Light fixtures and comprehensive lighting systems require electricity in order to produce light. The amount of electricity is measured in watts (W). Utility companies measure watts expressed as kilowatts (1000 watts = 1 kilowatt); this is how they calculate monthly electrical bills. Reducing the wattage of fixtures used for lighting reduces energy use and, consequently, the power bill.
When measuring wattage, it is important to look at the entire lighting fixture and not just the bulb. Fluorescent and high intensity discharge (HID) fixtures have ballasts, which also use power. The wattage value you should consider is system wattage, which accounts for the watts used by the bulb, the ballast, and any other component within the luminaire. For instance, an HID 400w metal halide (MH) high bay will use 400 watts for the bulb and usually about 58 watts for the ballast, for a total of 458 watts.
Different fixtures produce different amounts of light. The quantity of light is measured in lumens. Watts for the lamp and lumen ratings are specified on the packing of the lamps. As some fixtures are more efficient than others, some will produce more lumens per watt than others. In some types of technology, the ballast can seriously affect lumen output.
The data is further complicated when you consider the difference between light source lumens and delivered lumens. Light source lumens are the lumens emitted by the lamp or array itself. Delivered lumens, however, is the measure of the lumens that actually leave the fixture. The latter is most relevant, as it accounts for light lost when passing through the glass/lens and through reflection. Some lamps are also more efficient than others, which means both their light source lumens and delivered lumens will be higher, even if the wattage is the same as other lamps. Just as with watts, it is important to know what lumen data you’re using.
Lumens per Watt
Lumens per watt (LPW) is an expression of how many lumens you get from a light source vs. how much energy or wattage is being used. Fixtures with high LPW can be considered more efficient than other fixtures.
Incandescent fixtures generate about 17–20 LPW, while some fluorescent fixtures put out over 90 LPW. This means the fluorescent fixture costs about 80% less to operate, yet puts out the same number of lumens. The more efficient the fixture is, the lower the operating cost. Fixtures with high LPW are more environmentally friendly, too.

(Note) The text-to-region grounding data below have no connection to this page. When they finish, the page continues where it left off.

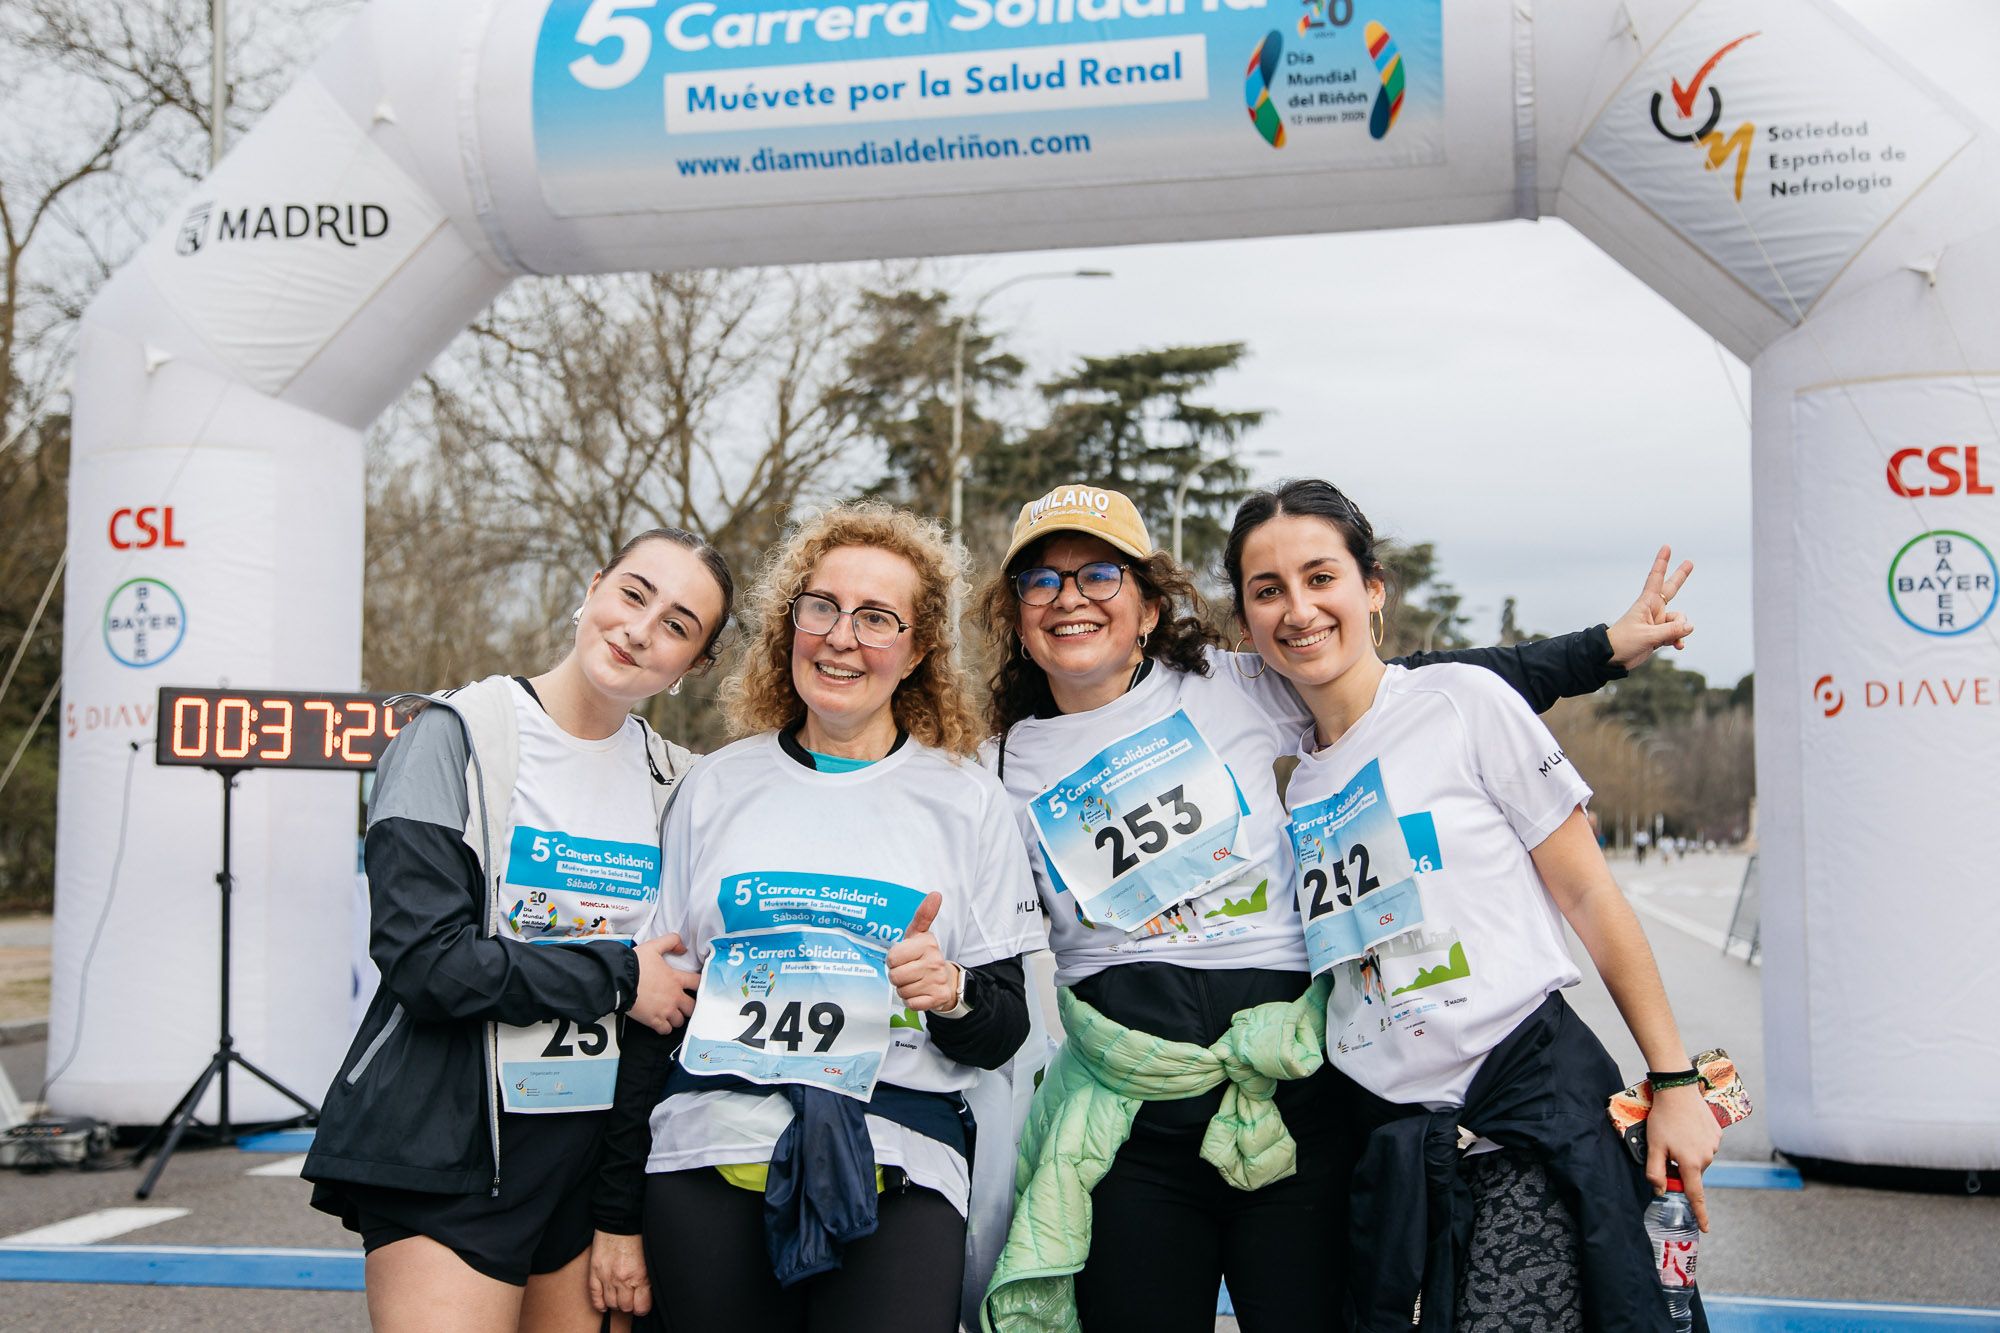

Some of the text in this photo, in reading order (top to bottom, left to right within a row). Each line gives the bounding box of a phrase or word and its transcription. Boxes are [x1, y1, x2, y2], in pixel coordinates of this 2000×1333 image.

[664, 0, 929, 52] Carrera
[687, 51, 1183, 113] Muévete por la Salud Renal
[1287, 68, 1357, 87] Mundial
[1288, 91, 1369, 109] del Riñón
[1768, 121, 1869, 143] Sociedad
[677, 132, 1091, 177] www.diamundialdelriñon.com
[1769, 146, 1907, 173] Española de
[218, 202, 390, 247] MADRID
[1886, 445, 1995, 498] CSL
[1030, 490, 1110, 520] MILANO
[108, 506, 187, 550] CSL
[1898, 574, 1991, 593] BAYER
[1934, 539, 1954, 629] BAYER
[1864, 677, 2000, 708] DIAVE
[1066, 767, 1112, 801] Carrera
[1111, 737, 1170, 770] Solidaria
[1094, 783, 1203, 880] 253
[555, 843, 602, 863] Carrera
[603, 851, 654, 871] Solidaria
[1213, 846, 1232, 861] CSL
[566, 877, 598, 890] Sábado
[599, 882, 605, 890] 7
[606, 883, 615, 892] de
[616, 886, 641, 897] marzo
[756, 882, 816, 897] Carrera
[819, 886, 888, 907] Solidaria
[1303, 843, 1380, 922] 252
[772, 911, 810, 923] Sábado
[817, 915, 831, 925] de
[832, 917, 863, 932] marzo
[1379, 912, 1394, 926] CSL
[748, 946, 796, 960] Carrera
[798, 944, 861, 961] Solidaria
[732, 1001, 845, 1053] 249
[823, 1067, 843, 1075] CSL
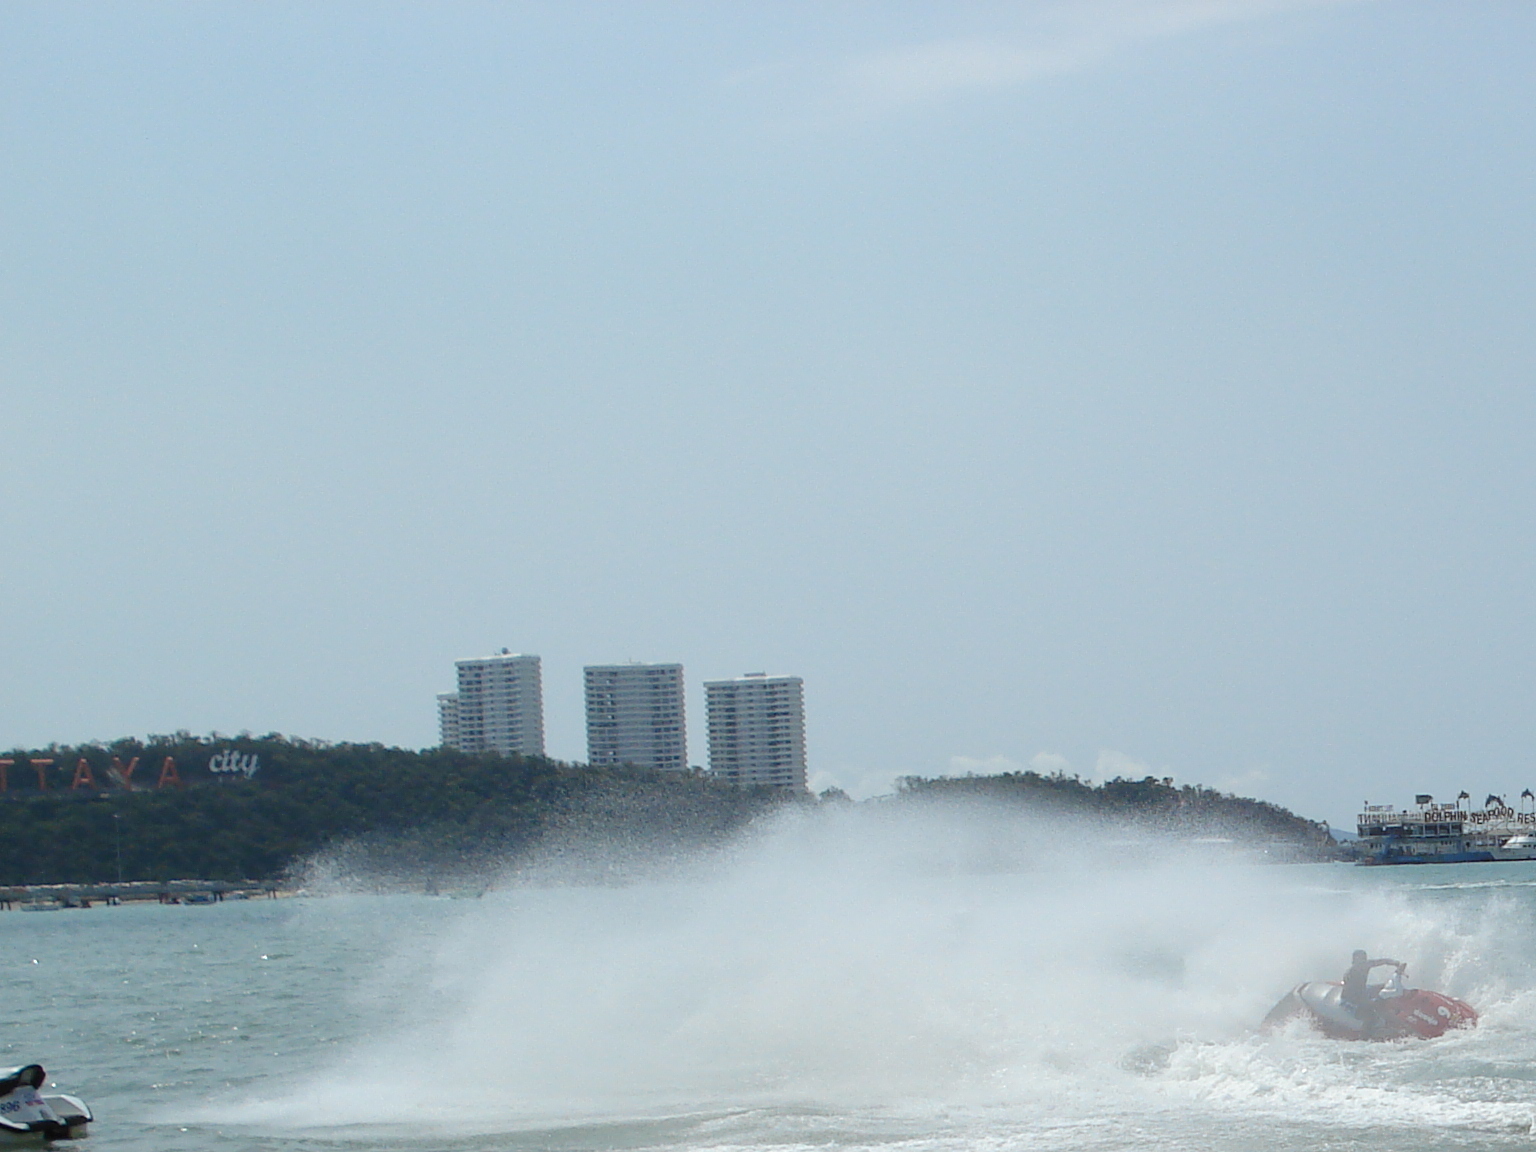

LPW is easily calculated by taking dividing lamp lumens by total wattage. Fluorescent and HID fixtures suffer significant lumen depreciation. This means that as the lamps age, the HID lamps emit fewer and fewer lumens. LEDs also experience lumen depreciation, but it isn’t nearly as severe as that of fluorescent and HID. To account for lumen depreciation, most manufacturers have data on initial lumens and mean lumens.
Most labels will only use initial lumens, as it is the most attractive data point. The mean lumen rating may only be available in the lamp manufacturer’s catalog. You can also speak to a lighting specialist at Access Fixtures for more information
Many states have regulations that limit the watts used per square foot. Requirements vary from state to state and sometimes on whether a project is a new install or a renovation. Be sure to check if your project is regulated and, if so, the energy-usage limits for your purpose and location.
Access Fixtures is your factory-direct source for all light fixtures needed to suitably illuminate your property. If you have a lighting question, we will be glad to answer your questions. We want to make sure you get the exact fixture for your needs, your budget, and your goals. We are passionate about lighting and love what we do—we’ll get you an answer. To speak with an Access Fixtures lighting specialist, call (800) 468-9925.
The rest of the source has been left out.